The Death of the Virgin Mary is a common subject in Western Christian art, and is the equivalent of the Dormition of the Theotokos in Eastern Orthodox art.

==History==
The depiction became less common as the doctrine of the Assumption gained support in the Catholic Church from the Late Middle Ages onward. Although that doctrine avoids stating whether Mary was alive or dead when she was bodily taken up to Heaven, she is normally shown in art as alive. Nothing is said in the Bible about the end of Mary's life, but a tradition dating back to at least the 5th century says the Twelve Apostles were miraculously assembled from their far-flung missionary activity to be present at the death, and that is the scene normally depicted, with the apostles gathered round the bed.

==Examples==
A virtuoso engraving by Martin Schongauer of about 1470 shows the Virgin from the foot of a large bed with the apostles spread around the three sides, and this composition influences many later depictions. Earlier depictions usually follow the standard Byzantine image, with the Virgin lying on a bed or sarcophagus across the front of the picture space, with Christ usually standing above her on the far side, and the apostles and others gathered around.
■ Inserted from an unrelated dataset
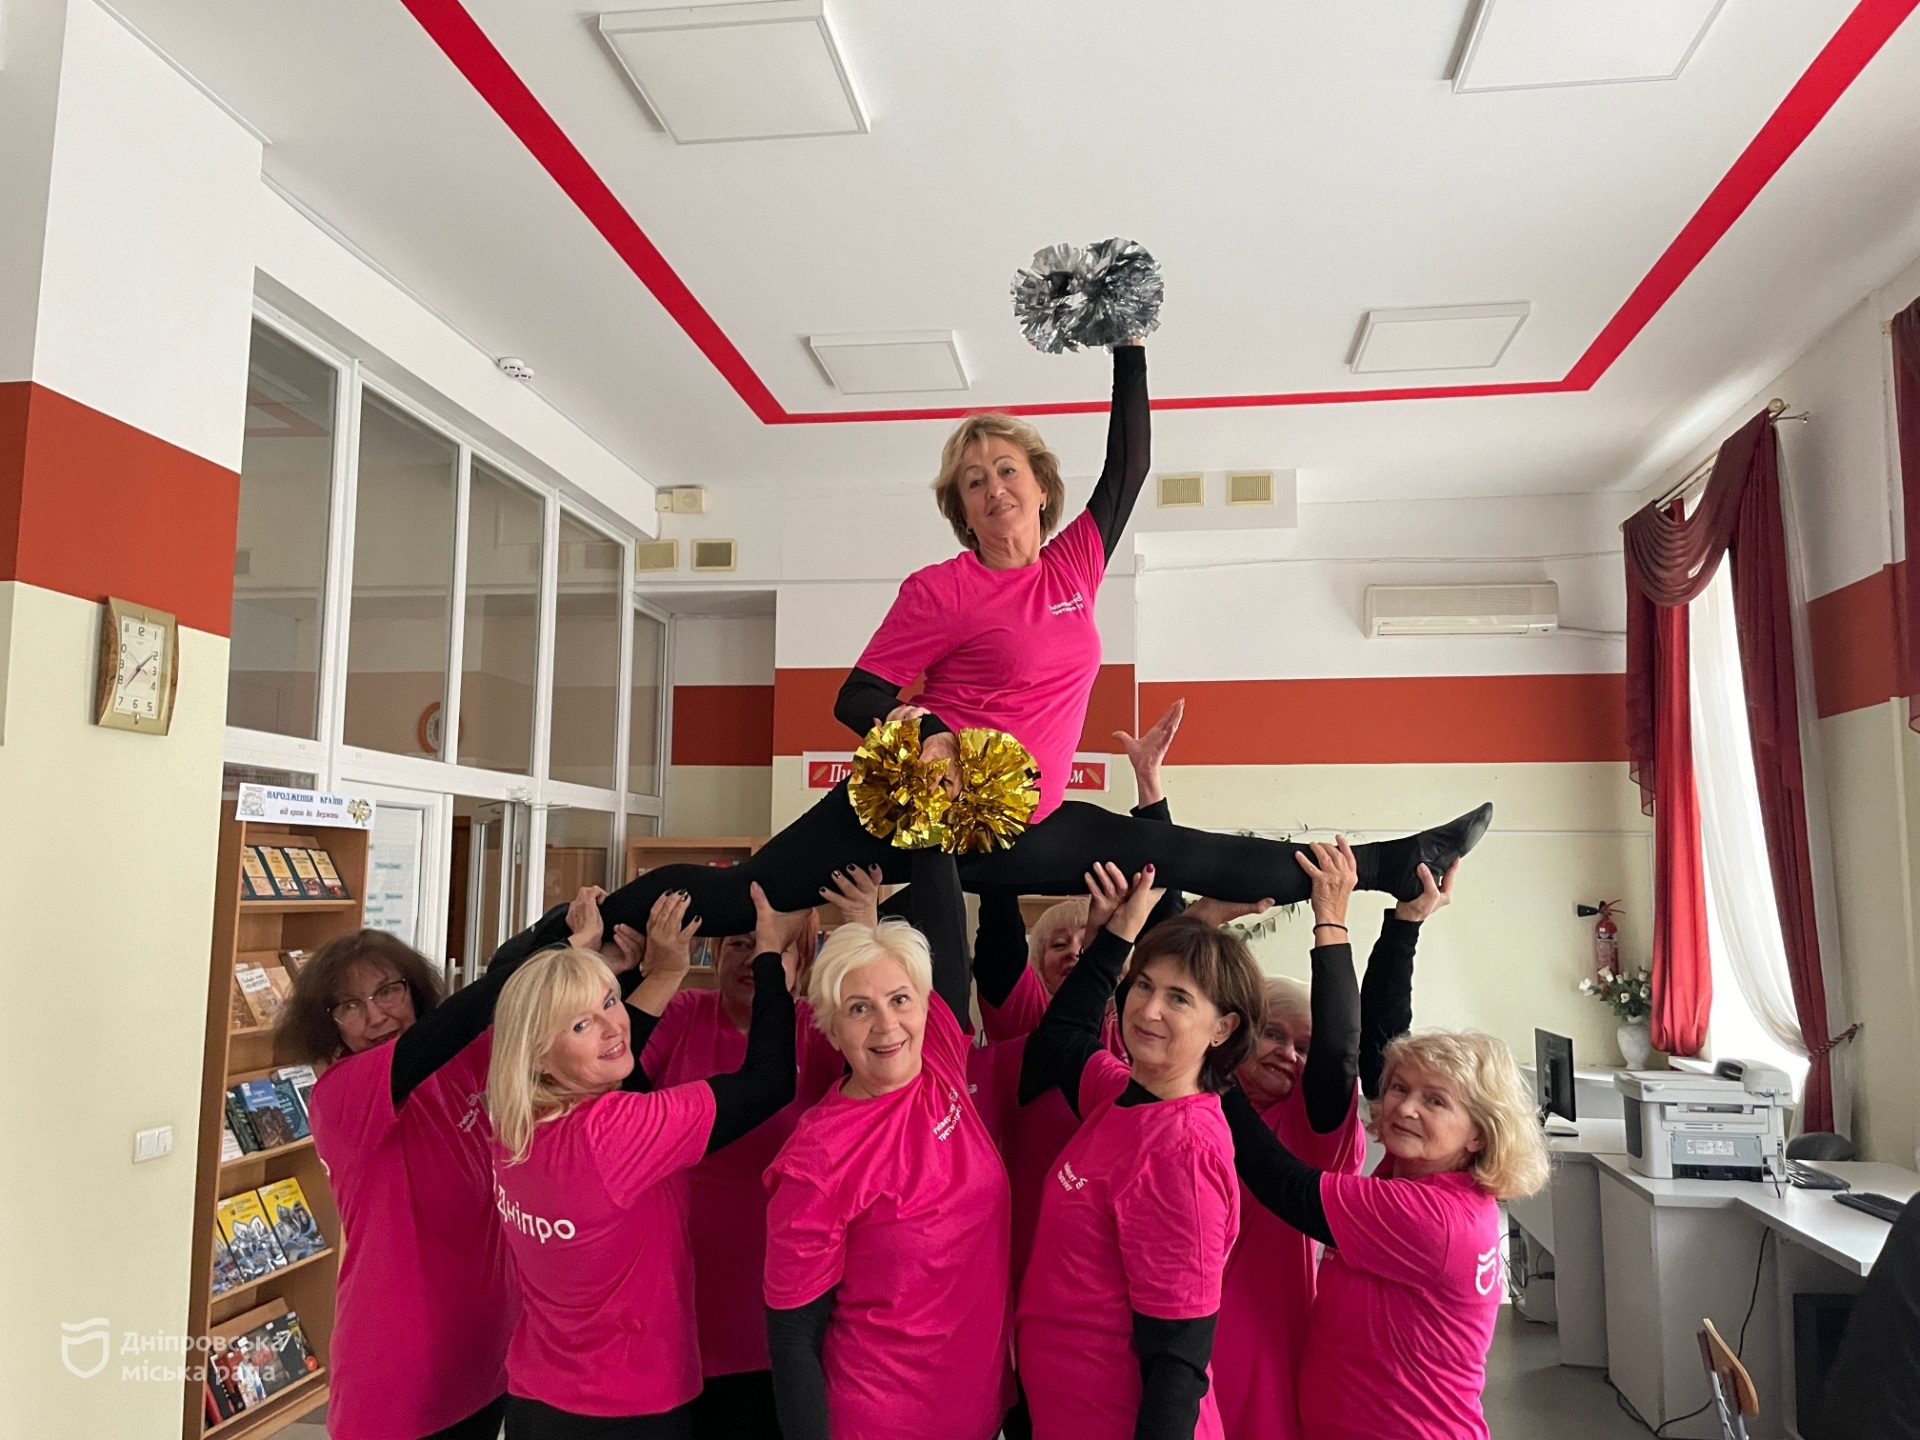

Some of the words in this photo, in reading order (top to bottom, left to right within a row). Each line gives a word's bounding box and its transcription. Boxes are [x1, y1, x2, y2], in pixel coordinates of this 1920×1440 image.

Often Christ holds a small figure that may look like a baby, representing Mary's soul.

A prominent, and late, example of the subject is Death of the Virgin by Caravaggio (1606), the last major Catholic depiction. Other examples include Death of the Virgin by Andrea Mantegna and Death of the Virgin by Hugo van der Goes. All these show the gathering of the apostles around the deathbed, as does an etching by Rembrandt.

Three minor anonymous works are known to art history as the Master of the Death of the Virgin.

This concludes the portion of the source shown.